2. Innovative product development

Likewise, AI can be a great booster for product development, giving brands that competitive edge in their category through new and exciting innovations. AI’s capacity for vast data analytics, for example consumer reviews or social media posts, allows for an understanding of emerging consumer trends, preferences, and behaviours, after which to model innovation. Using AI in product development can offer multiple benefits, including:

  • Faster product development, i.e., accelerating the process from concept to product by automating prototyping and testing, and optimisation.
  • Improved product quality thanks to improved understanding of which design, ingredients or formulations will most likely result in a high-quality product.
  • Reduced R&D costs, as predictive analytics and automations help to keep cost low, and investment targeted at potentially highest-yielding outcomes.

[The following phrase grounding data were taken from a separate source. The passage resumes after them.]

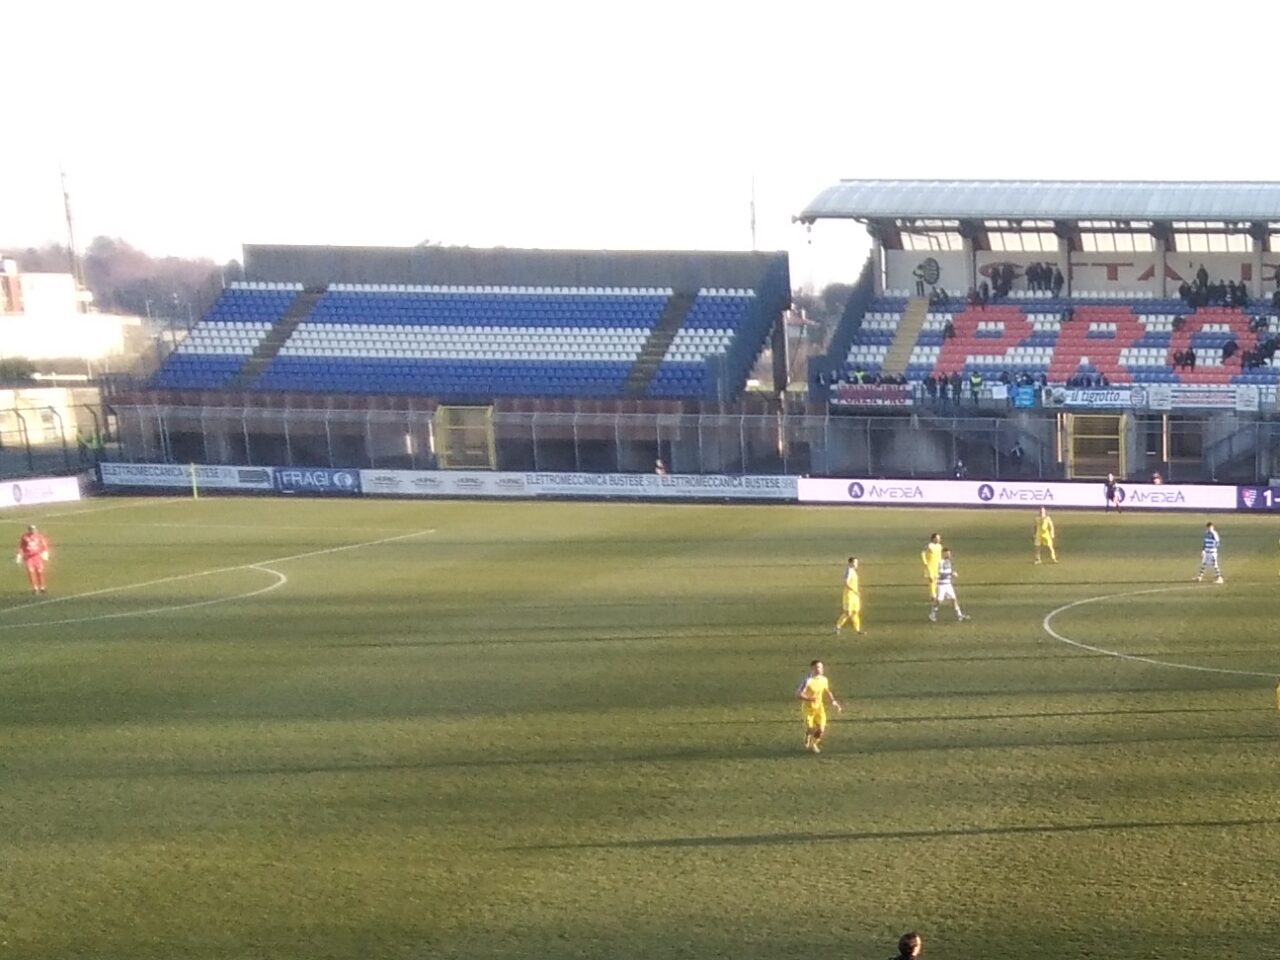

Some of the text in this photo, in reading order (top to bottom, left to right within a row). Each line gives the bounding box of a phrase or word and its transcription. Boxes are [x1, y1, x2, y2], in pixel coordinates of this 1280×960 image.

[281, 471, 329, 486] FRAGI
[526, 474, 608, 486] ELETTROMECCANICA
[609, 475, 645, 487] BUSTESE
[662, 475, 744, 488] ELETTROMECCANICA
[745, 477, 781, 489] BUSTESE
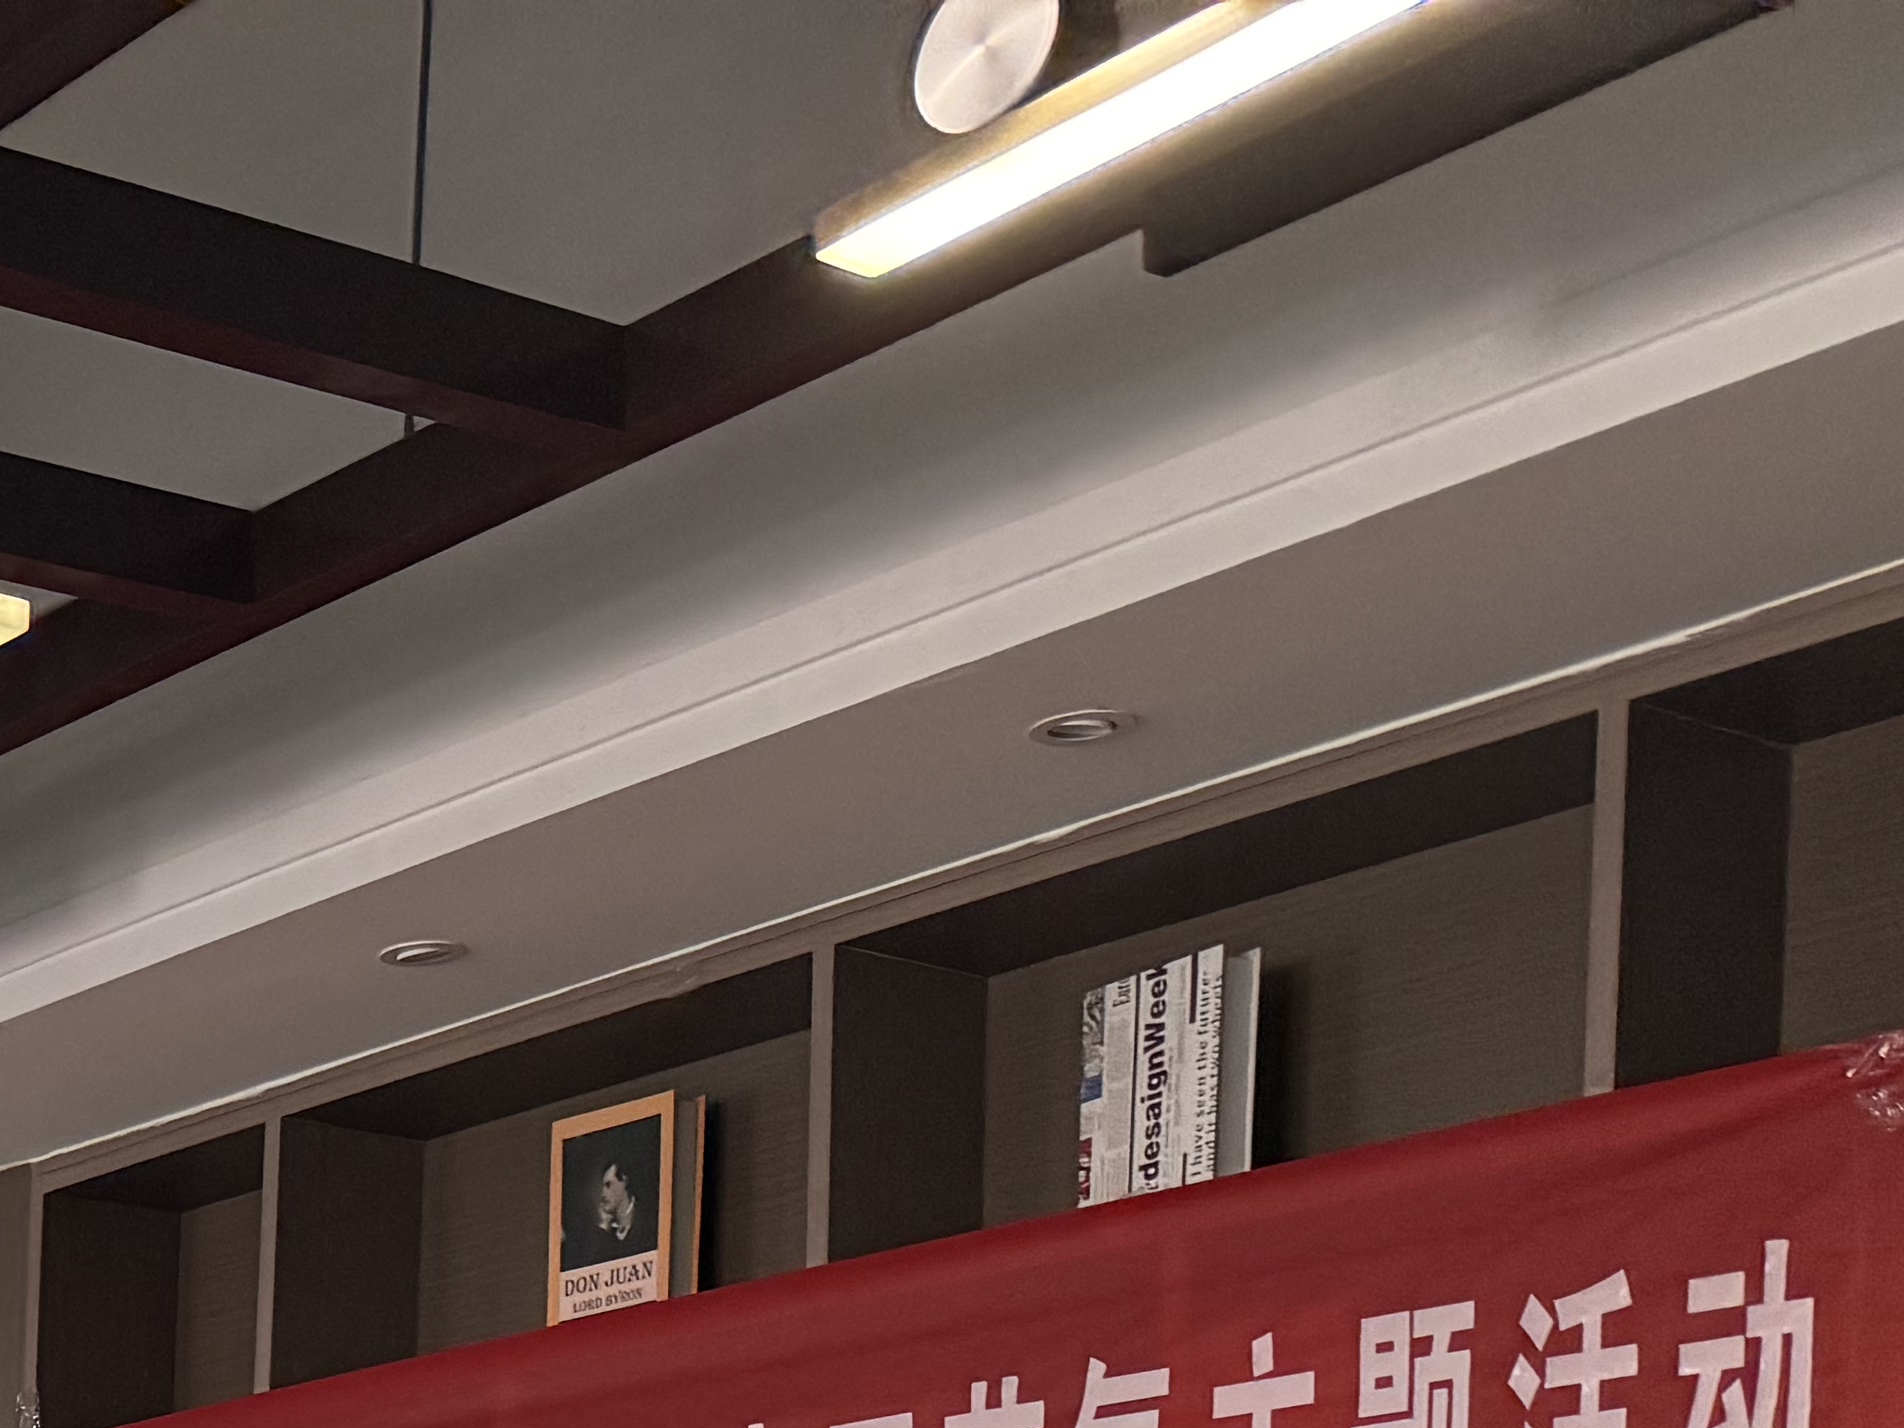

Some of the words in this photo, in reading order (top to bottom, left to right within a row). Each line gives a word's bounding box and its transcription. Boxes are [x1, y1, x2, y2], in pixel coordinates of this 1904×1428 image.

[565, 1272, 600, 1297] DON
[604, 1260, 654, 1288] JUAN
[572, 1297, 603, 1313] LORD

A fun example of AI driven product development is ChatGPT creating ice cream flavours for Baskin Robbins: Baskin Robbins Korea introduced the world’s first AI-developed ice cream flavours at its Seoul Workshop, utilizing ChatGPT for new flavour ideas based on customer data and developer inputs! This offered experimental options like wasabi and crème brûlée alongside creative twists on classics like green tea orange jasmine, with plans to engage customers through a brand storyteller and an ice cream docent program at the outlet doubling as an R&D centre.

3. Personalised marketing

Last but certainly not least, AI can help CPG brands deliver unique experiences, tailored to the consumers. Customers’ purchase history, online browsing behaviour or demographic information can be used to inform personalised product recommendations, targeted advertising or optimise search engine content. With a more tailored approach, CPG companies can improve their customer satisfaction and loyalty, while also boosting sales.

Let’s take a look at Henkel and Adobe delivering personalization at scale via generative AI: Henkel partnered with Adobe to utilize generative AI for enhancing personalization across its global brand portfolio, such as Loctite, Persil, and Schwarzkopf, by leveraging Adobe Firefly and Experience Cloud to create tailored content based on customer characteristics, aiming to reduce campaign costs and time while delivering personalized experiences at scale!

Roadblocks to AI in CPG:

  • Data quality and accessibility

One of the roadblocks to successful AI integration is the quality of and access to the data required. Access to high-quality data that is relevant, up-to-date, and diverse can be a challenge for many companies. It requires robust data management systems and processes to ensure the accuracy and completeness of data used by AI.

  • Talent gap

CPG brands that do not have the right skills for AI in-house, will likely struggle to get it right. There is, however, high demand and competition across all industries for AI talents, meaning it can be difficult to employ the level of skill needed to lead AI transformation.

  • Legal compliance

A major issue with AI integration has to do with the legal and ethical implications of its use, meaning there is a need for transparency and accountability to avoid potential biases or discrimination. It is important to note as well that, while AI has marched triumphantly (and quickly), laws and regulations have not been able to keep up. This means brands need to be able to adapt quickly to what is still an ever-changing field.

Food for Thought 🌟

While AI has certainly managed to sweep both brands and consumers alike, off their feet, it feels necessary to point out the following. Yes, AI holds many opportunities (provided its key challenges are overcome), however, this does not suggest that all efforts need to be artificially boosted in order to work.

For a brand take, Tropicana has removed the letters A and I from its logo to show that there’s nothing ‘artificial’ about its fruit juices. So, perhaps one way of applying AI is to have a little fun with it (and reminding consumers that at its core, your brand is from humans, for humans).